__What you will do__
Exact copy, no pictures: set down every entry below as written.

__Material for this task__
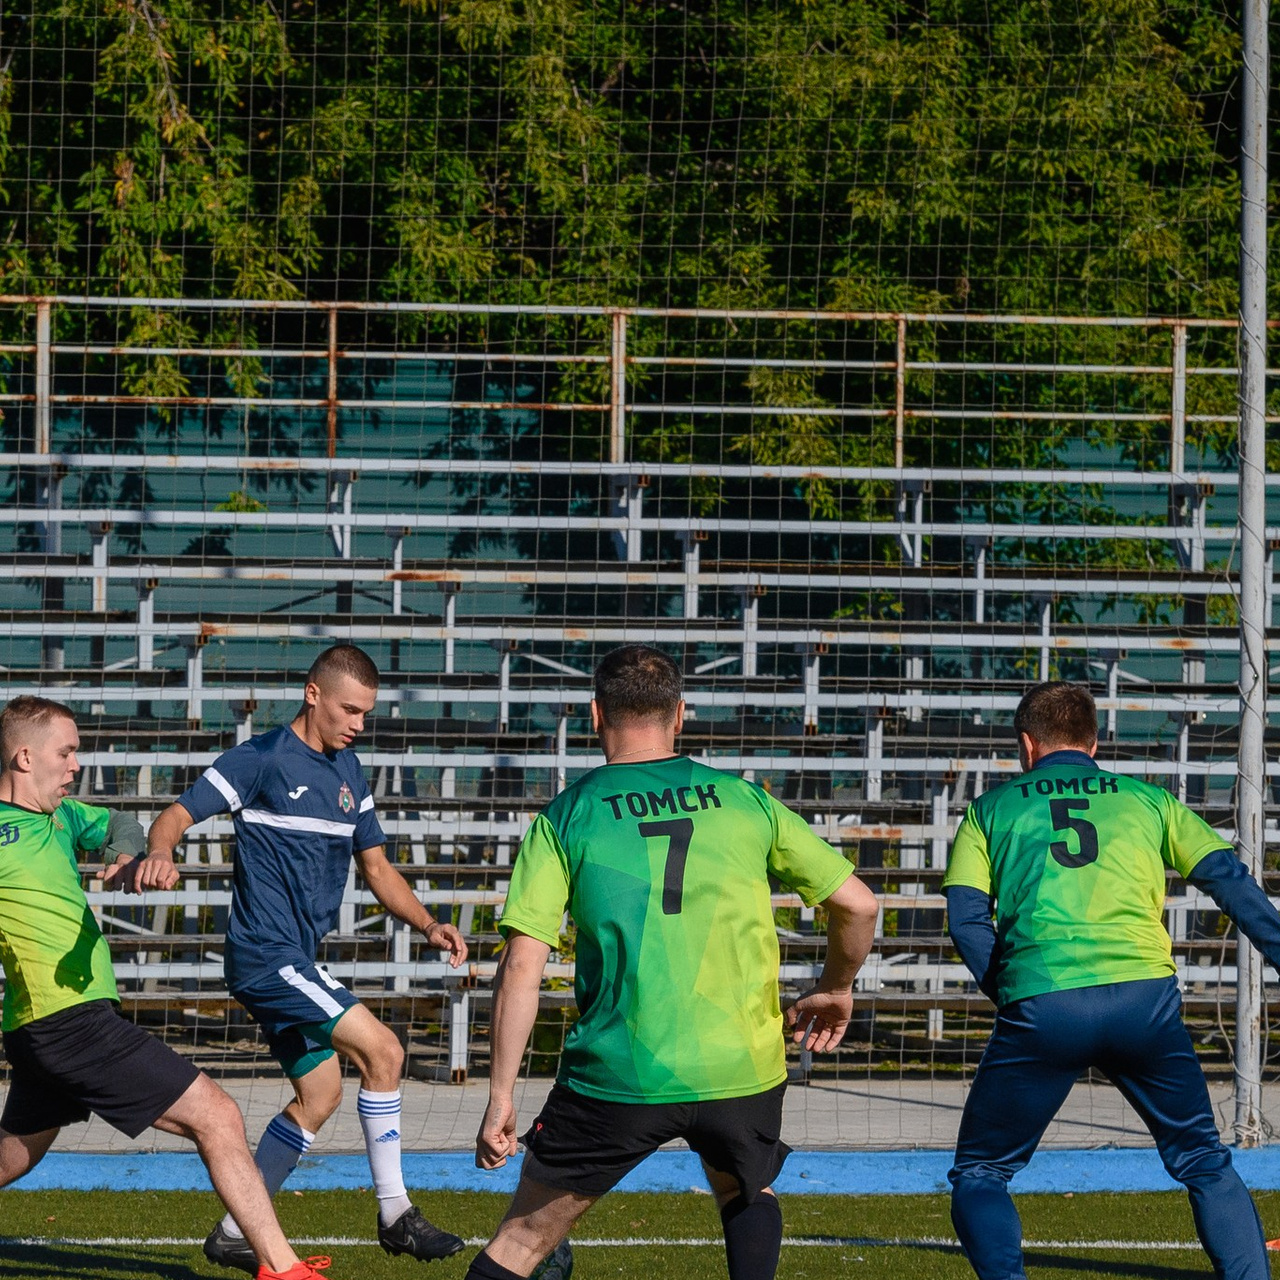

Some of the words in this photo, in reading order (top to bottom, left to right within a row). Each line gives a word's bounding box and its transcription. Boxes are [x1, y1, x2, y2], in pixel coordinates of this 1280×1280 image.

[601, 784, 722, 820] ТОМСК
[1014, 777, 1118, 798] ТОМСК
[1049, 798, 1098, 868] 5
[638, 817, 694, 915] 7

__Solution to this problem__
Some of the words in this photo, in reading order (top to bottom, left to right within a row). Each line gives a word's bounding box and its transcription. Boxes are [x1, y1, x2, y2], in pixel coordinates of this 1280×1280 image.

[601, 784, 722, 820] ТОМСК
[1014, 777, 1118, 798] ТОМСК
[1049, 798, 1098, 868] 5
[638, 817, 694, 915] 7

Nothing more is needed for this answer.